**Exercise**. Write out the whole listing word for word.

**Available data**.
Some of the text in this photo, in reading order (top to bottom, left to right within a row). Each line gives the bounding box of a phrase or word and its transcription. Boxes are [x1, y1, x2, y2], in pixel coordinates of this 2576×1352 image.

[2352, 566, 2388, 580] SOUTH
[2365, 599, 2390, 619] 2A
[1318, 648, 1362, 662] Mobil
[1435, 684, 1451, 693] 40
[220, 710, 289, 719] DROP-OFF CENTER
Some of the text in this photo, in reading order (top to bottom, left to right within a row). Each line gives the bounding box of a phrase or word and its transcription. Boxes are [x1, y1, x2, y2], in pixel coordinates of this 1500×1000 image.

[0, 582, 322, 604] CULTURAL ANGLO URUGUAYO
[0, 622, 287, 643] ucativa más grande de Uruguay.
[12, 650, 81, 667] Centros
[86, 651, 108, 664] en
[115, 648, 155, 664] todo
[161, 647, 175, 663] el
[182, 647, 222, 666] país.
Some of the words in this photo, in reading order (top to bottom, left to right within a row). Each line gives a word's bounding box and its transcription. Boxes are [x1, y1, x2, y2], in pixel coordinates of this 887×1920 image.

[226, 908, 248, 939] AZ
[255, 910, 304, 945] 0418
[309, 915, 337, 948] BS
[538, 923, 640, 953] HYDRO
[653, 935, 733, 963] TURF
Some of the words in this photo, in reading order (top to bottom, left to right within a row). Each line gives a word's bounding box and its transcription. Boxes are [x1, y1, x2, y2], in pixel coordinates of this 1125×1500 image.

**Response to this task**.
Some of the text in this photo, in reading order (top to bottom, left to right within a row). Each line gives the bounding box of a phrase or word and its transcription. Boxes are [x1, y1, x2, y2], in pixel coordinates of this 2576×1352 image.

[2352, 566, 2388, 580] SOUTH
[2365, 599, 2390, 619] 2A
[1318, 648, 1362, 662] Mobil
[1435, 684, 1451, 693] 40
[220, 710, 289, 719] DROP-OFF CENTER
Some of the text in this photo, in reading order (top to bottom, left to right within a row). Each line gives the bounding box of a phrase or word and its transcription. Boxes are [x1, y1, x2, y2], in pixel coordinates of this 1500×1000 image.

[0, 582, 322, 604] CULTURAL ANGLO URUGUAYO
[0, 622, 287, 643] ucativa más grande de Uruguay.
[12, 650, 81, 667] Centros
[86, 651, 108, 664] en
[115, 648, 155, 664] todo
[161, 647, 175, 663] el
[182, 647, 222, 666] país.
Some of the words in this photo, in reading order (top to bottom, left to right within a row). Each line gives a word's bounding box and its transcription. Boxes are [x1, y1, x2, y2], in pixel coordinates of this 887×1920 image.

[226, 908, 248, 939] AZ
[255, 910, 304, 945] 0418
[309, 915, 337, 948] BS
[538, 923, 640, 953] HYDRO
[653, 935, 733, 963] TURF
Some of the words in this photo, in reading order (top to bottom, left to right within a row). Each line gives a word's bounding box and its transcription. Boxes are [x1, y1, x2, y2], in pixel coordinates of this 1125×1500 image.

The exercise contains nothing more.